Я оскорбился на несправедливость аула. И мне мелькнула пустыня серого морского берега, накат волн цвета старого серебра — и вспыхивающим разноцветьем по берегу и по волнам бурнусы, фески, куртки пяти тысяч расстрелянных Наполеоном пленных мамлюков. На самом деле от крови такого количества убитых людей волны должны были бы стать красными. Но мне мелькнуло именно серым: серый берег пустыни, серые, цвета старого серебра, то есть с проблесками ослепительно белых пятен и линий, волны — и перекрывающее их разноцветье колеблющихся на волнах и на ветру пестрых азиатских одежд.

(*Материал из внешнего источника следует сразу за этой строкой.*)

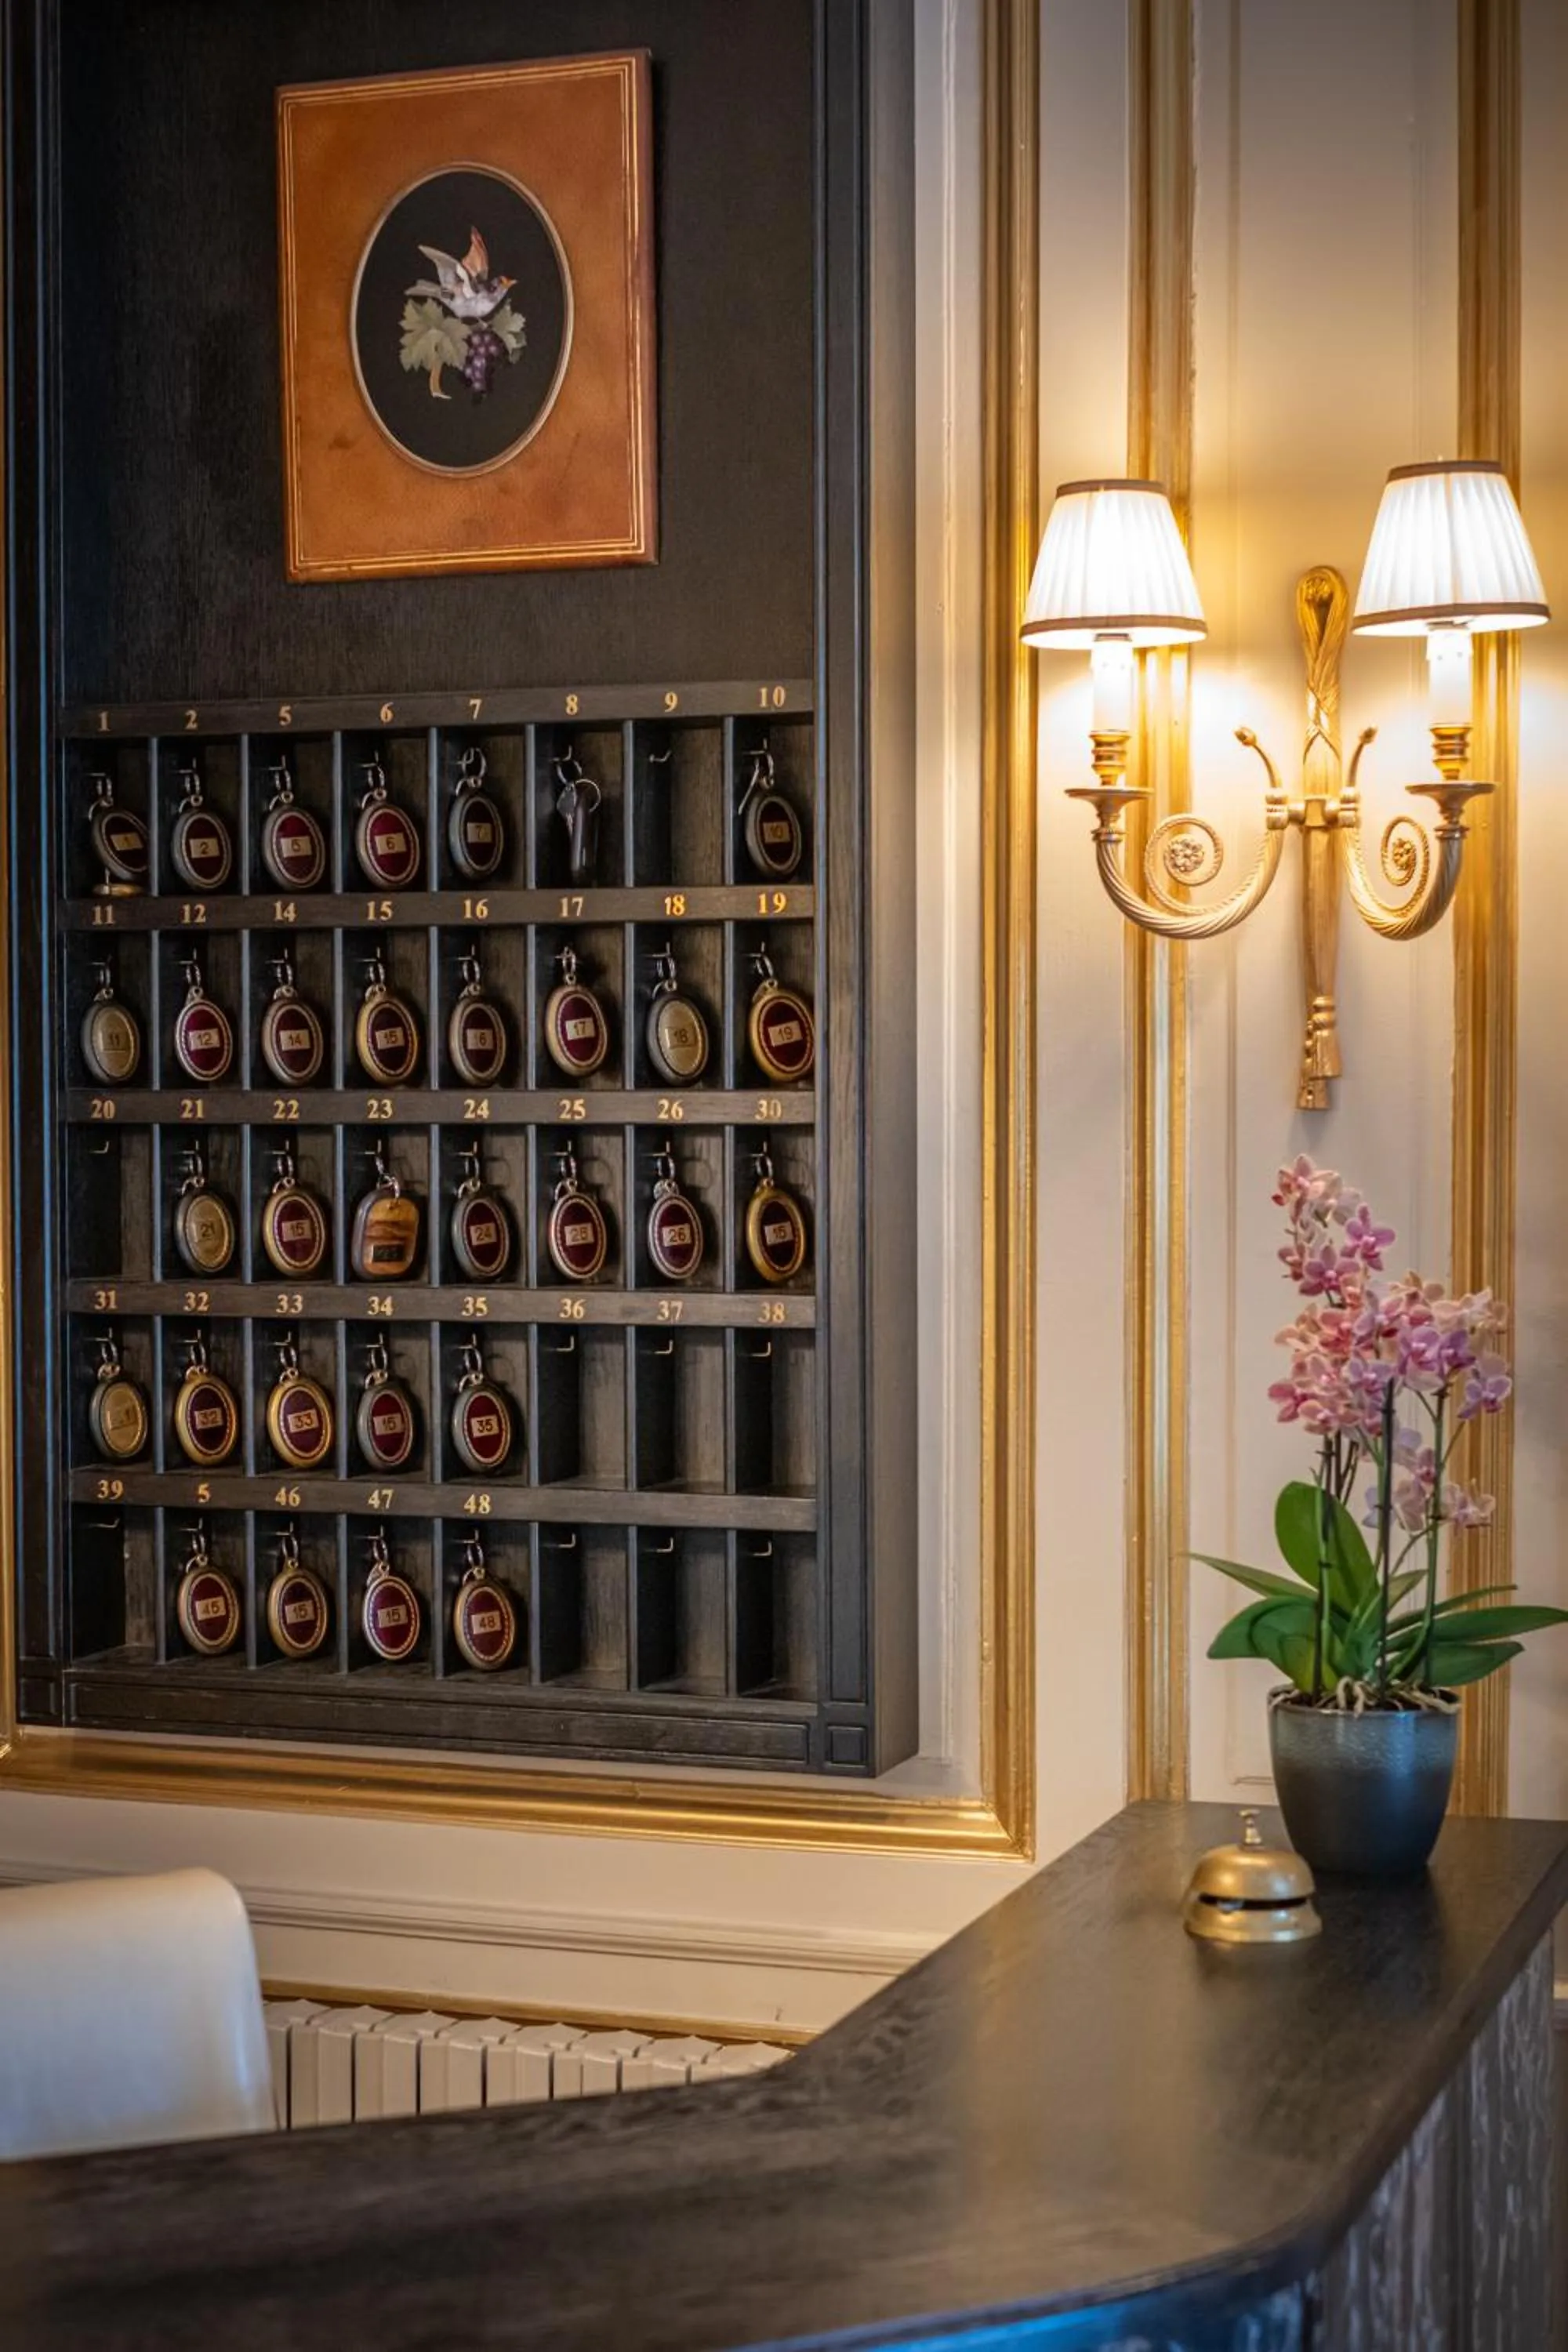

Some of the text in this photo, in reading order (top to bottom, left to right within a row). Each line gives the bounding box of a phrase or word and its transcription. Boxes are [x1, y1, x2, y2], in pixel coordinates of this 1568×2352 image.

[566, 695, 578, 715] 8
[665, 692, 677, 711] 9
[759, 686, 786, 707] 10
[279, 706, 291, 725] 5
[380, 702, 393, 723] 6
[469, 699, 482, 719] 7
[99, 711, 109, 731] 1
[186, 710, 198, 729] 2
[200, 841, 209, 855] 2
[274, 901, 296, 922] 14
[368, 901, 392, 920] 15
[464, 899, 488, 919] 16
[561, 896, 583, 917] 17
[665, 895, 685, 916] 18
[759, 893, 786, 913] 19
[93, 905, 114, 924] 11
[183, 903, 205, 923] 12
[573, 1021, 586, 1036] 17
[778, 1026, 793, 1041] 19
[198, 1032, 213, 1046] 12
[289, 1033, 302, 1046] 14
[92, 1098, 116, 1120] 20
[182, 1099, 204, 1118] 21
[274, 1099, 299, 1119] 22
[368, 1098, 393, 1119] 23
[464, 1099, 489, 1119] 24
[560, 1098, 586, 1120] 25
[658, 1098, 684, 1120] 26
[755, 1098, 782, 1120] 30
[475, 1226, 492, 1241] 24
[95, 1290, 117, 1309] 31
[184, 1292, 209, 1311] 32
[276, 1294, 303, 1313] 33
[368, 1296, 394, 1316] 34
[462, 1297, 488, 1316] 35
[560, 1298, 585, 1319] 36
[658, 1300, 684, 1322] 37
[759, 1302, 786, 1323] 38
[200, 1410, 217, 1425] 32
[295, 1412, 313, 1428] 33
[477, 1419, 494, 1432] 35
[98, 1480, 124, 1499] 39
[198, 1483, 210, 1502] 5
[275, 1486, 301, 1507] 46
[368, 1489, 394, 1508] 47
[464, 1494, 491, 1513] 48
[480, 1616, 495, 1629] 48

Так я сидел время между уходом Иззет-аги и приходом Левы Пустотина. А когда застучали его сапоги и зазвенели шпоры, я встал. Меня качнуло от корчи. Но я встал. Я снова потребовал у Махары хину. Он запротестовал — ведь я только что выпил изрядную дозу. Я приказал. Он принес мне всю банку. Я зачерпнул ложкой, как можно глубже сунул ее в глотку, схватил кружку с водой.

Помнится, на все той же Белой, в пойменном лесу, в наше время росло некое вьющееся растение с маленькими, величиной с куриное яичко, а порой и меньше, арбузиками. Кажется, и листья у него были схожими с арбузными. Это растение называлось хиной. По горечи оно так и было. Горьки эти арбузики были до чрезвычайности. Они пришли мне на память, пока я после своей новой дозы колебался, что называется, между жизнью и смертью. Махара, кажется, в ужасе даже сказал в сторону: “Сейчас сгорит!” Но я протолкнул лекарство в себя, вздохнул, разлепил мокрые глаза и даже на стал просить сахару.